There's one occupation I would never want, and that is that of a judge. I just could not face that awesome responsibility of determining the sentences that should be meted out to men. You know, to determine whether or not a fellow is innocent or guilty, or the degree of guilty. That's just something I really would never want to have to do. And I thank God I don't have to.
So there will be degrees. More tolerable for Sodom and Gomorrah than for that city that rejected the disciples as they went out to witness for Him.
And they went out, and preached that men should repent (6:12).
The same message that John the Baptist preached, "Repent, for the kingdom of God is at hand." Change, turn.
And they cast out many devils, and anointed with oil many that were sick, and healed them (6:13).
Now, in the epistle of James, he said, "Is there any sick among you? Let them call for the elders of the church, and let them anoint them with oil in the name of the Lord. And the prayer of faith will save the sick, and the Lord shall raise them up" (James 5:14-15). Now, there are some Bible expositors who say that this word anoint is literally to massage. I don't know. The Bible scholars say a lot of things I really don't know about. If it were to massage, then it would seem to indicate that there was some kind of a healing process through the massaging with oil. That, I can't believe. I believe that the anointing with oil was purely a symbolic act.
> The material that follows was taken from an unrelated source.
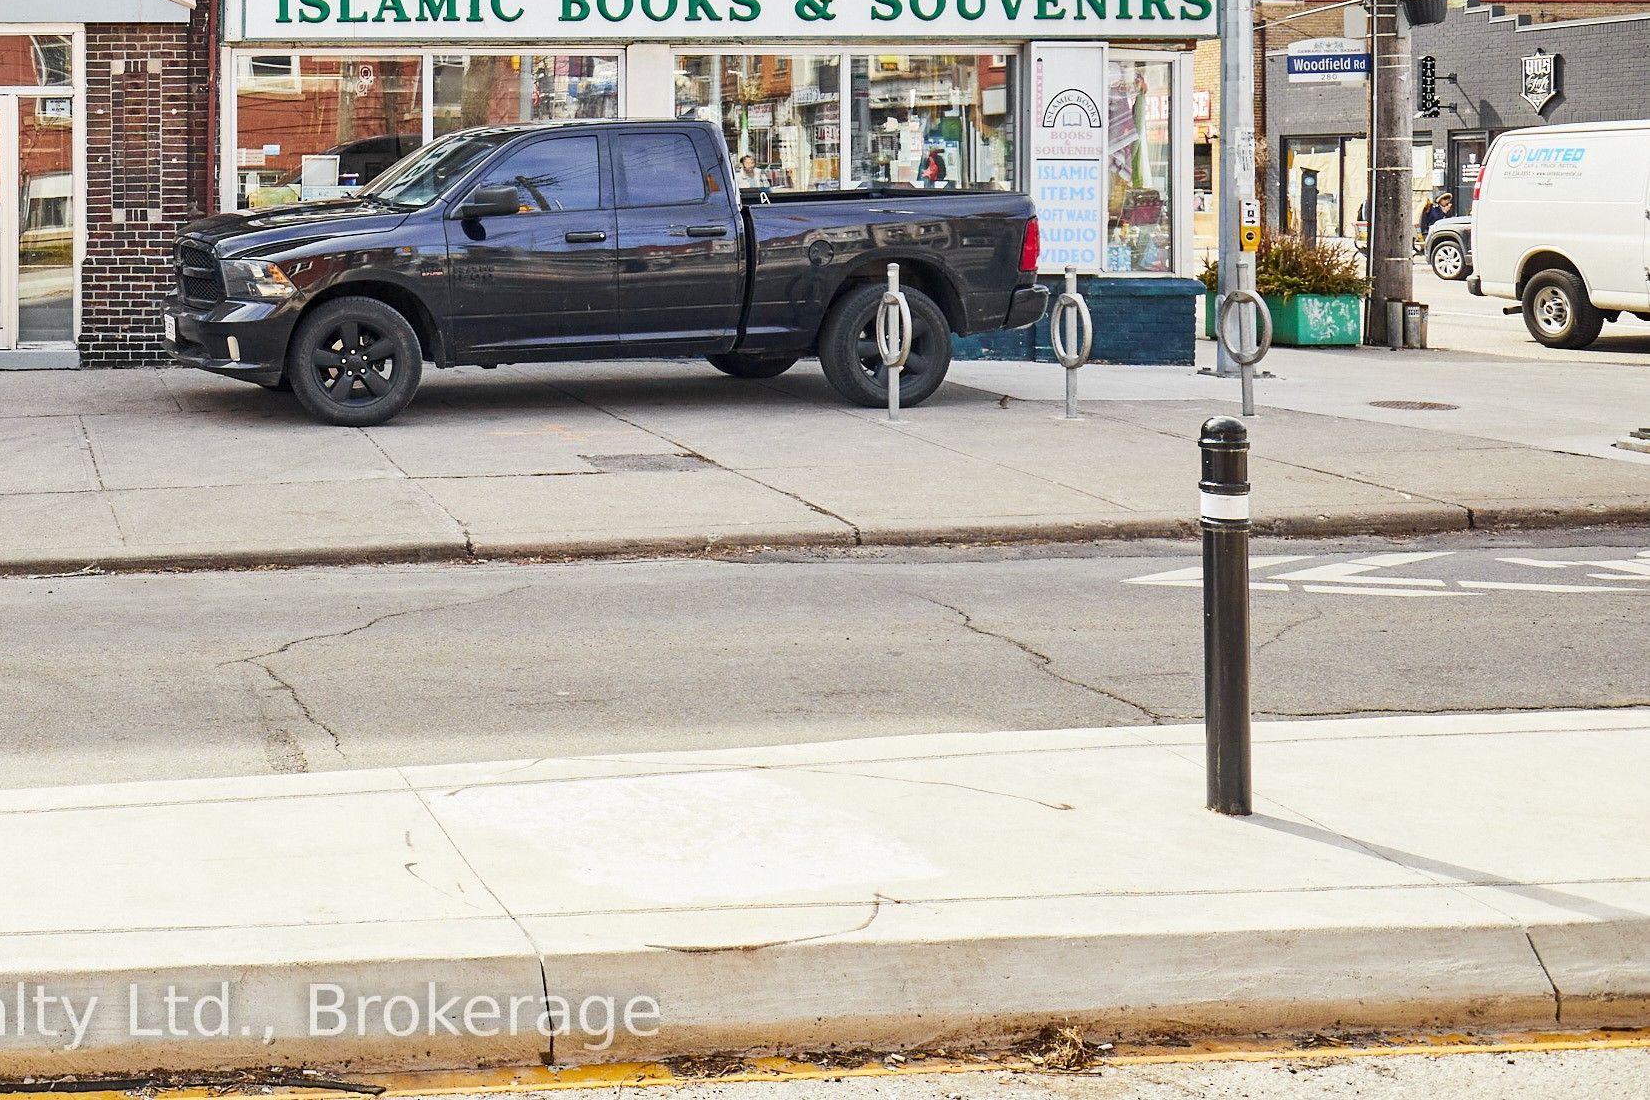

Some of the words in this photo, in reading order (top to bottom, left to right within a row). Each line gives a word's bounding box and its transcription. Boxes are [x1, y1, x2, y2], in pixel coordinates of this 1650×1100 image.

As last week we were sharing with you, the importance of having a point of contact for releasing faith. And how the woman coming through the crowd said, "If I can just but grasp onto His garment, I know that I will be healed." And when she grasped His garment, immediately she felt in her body that she was healed. And Jesus stopped and said, "Who touched Me?" It was a point of contact where she released her faith and was healed. Faith was no longer just a passive thing to her; it became active, it was released. It wasn't, "I know the Lord can, oh, I'm sure He's able," but, "I know He is now." And it's that "now" activating a faith. I believe that the anointing of oil has this very same value. It is a symbolic act; the oil is scripturally symbolic of the Holy Spirit. And so we as a church do practice anointing with oil. Not massaging, just anointing with oil in the name of the Lord; and the oil, being the symbol of the Holy Spirit. So on Saturday night, the elders gather and if there are any sick within the church, and you would like to have prayer by the elders of the church, you can come on Saturday evening to the library room. And there they minister to those that are sick, anointing with oil, praying for them. And the Lord is faithful and God has touched. And there have been many marvelous healings and miracles wrought through prayer there in the Saturday night prayer service. It's not something that we make a big deal over. I don't think God's word makes that big a deal over it. We don't try to glorify any individual through this prayer. We feel that the benefit of having the elders pray for you is that no person is singled out for glory; only the Lord is singled out for glory. So there isn't the developing of some personality cult where "brother so-and-so laid his hands on me." But, we would rather you to know that the Lord wants to lay His hand upon you. And He is so good; He uses such as us as His instruments, that through us He might do His work.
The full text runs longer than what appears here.